Produce an exact copy of all the data below, dropping every image.

--- Data extract Enclosed Below ---

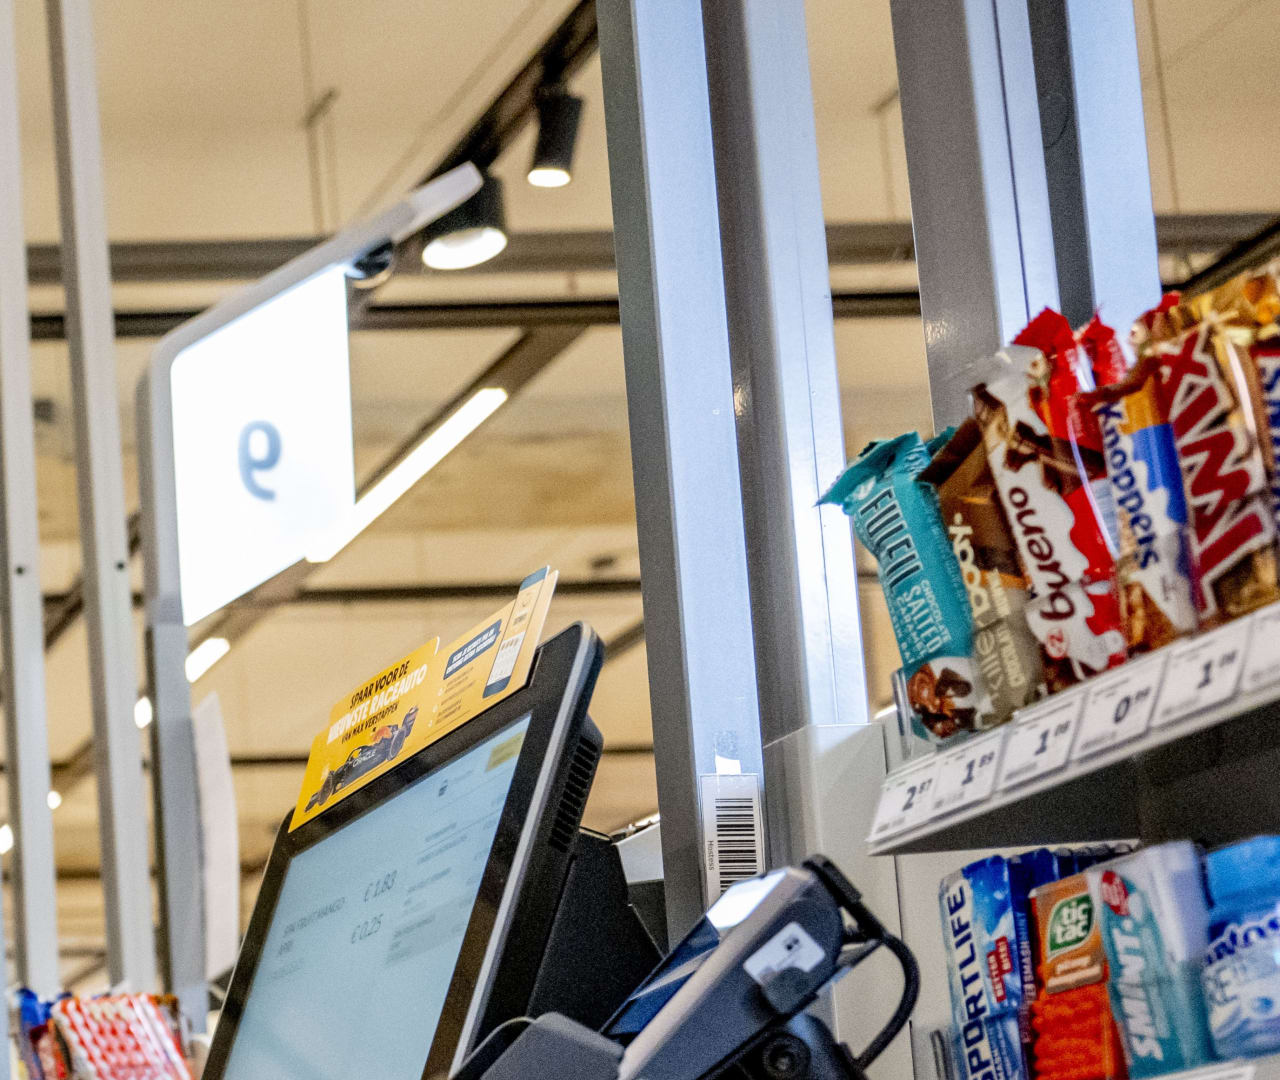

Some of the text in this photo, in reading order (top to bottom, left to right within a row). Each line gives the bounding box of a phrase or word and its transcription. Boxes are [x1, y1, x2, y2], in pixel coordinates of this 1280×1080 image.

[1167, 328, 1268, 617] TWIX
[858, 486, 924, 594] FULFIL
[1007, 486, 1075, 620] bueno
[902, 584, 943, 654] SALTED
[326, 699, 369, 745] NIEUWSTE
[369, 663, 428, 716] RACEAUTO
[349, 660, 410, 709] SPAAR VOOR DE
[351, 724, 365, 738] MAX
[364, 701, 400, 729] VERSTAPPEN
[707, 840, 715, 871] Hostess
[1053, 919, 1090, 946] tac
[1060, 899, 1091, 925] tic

--- End of Enclosed Data extract ---

Written answer:
Some of the text in this photo, in reading order (top to bottom, left to right within a row). Each line gives the bounding box of a phrase or word and its transcription. Boxes are [x1, y1, x2, y2], in pixel coordinates of this 1280×1080 image.

[1167, 328, 1268, 617] TWIX
[858, 486, 924, 594] FULFIL
[1007, 486, 1075, 620] bueno
[902, 584, 943, 654] SALTED
[326, 699, 369, 745] NIEUWSTE
[369, 663, 428, 716] RACEAUTO
[349, 660, 410, 709] SPAAR VOOR DE
[351, 724, 365, 738] MAX
[364, 701, 400, 729] VERSTAPPEN
[707, 840, 715, 871] Hostess
[1053, 919, 1090, 946] tac
[1060, 899, 1091, 925] tic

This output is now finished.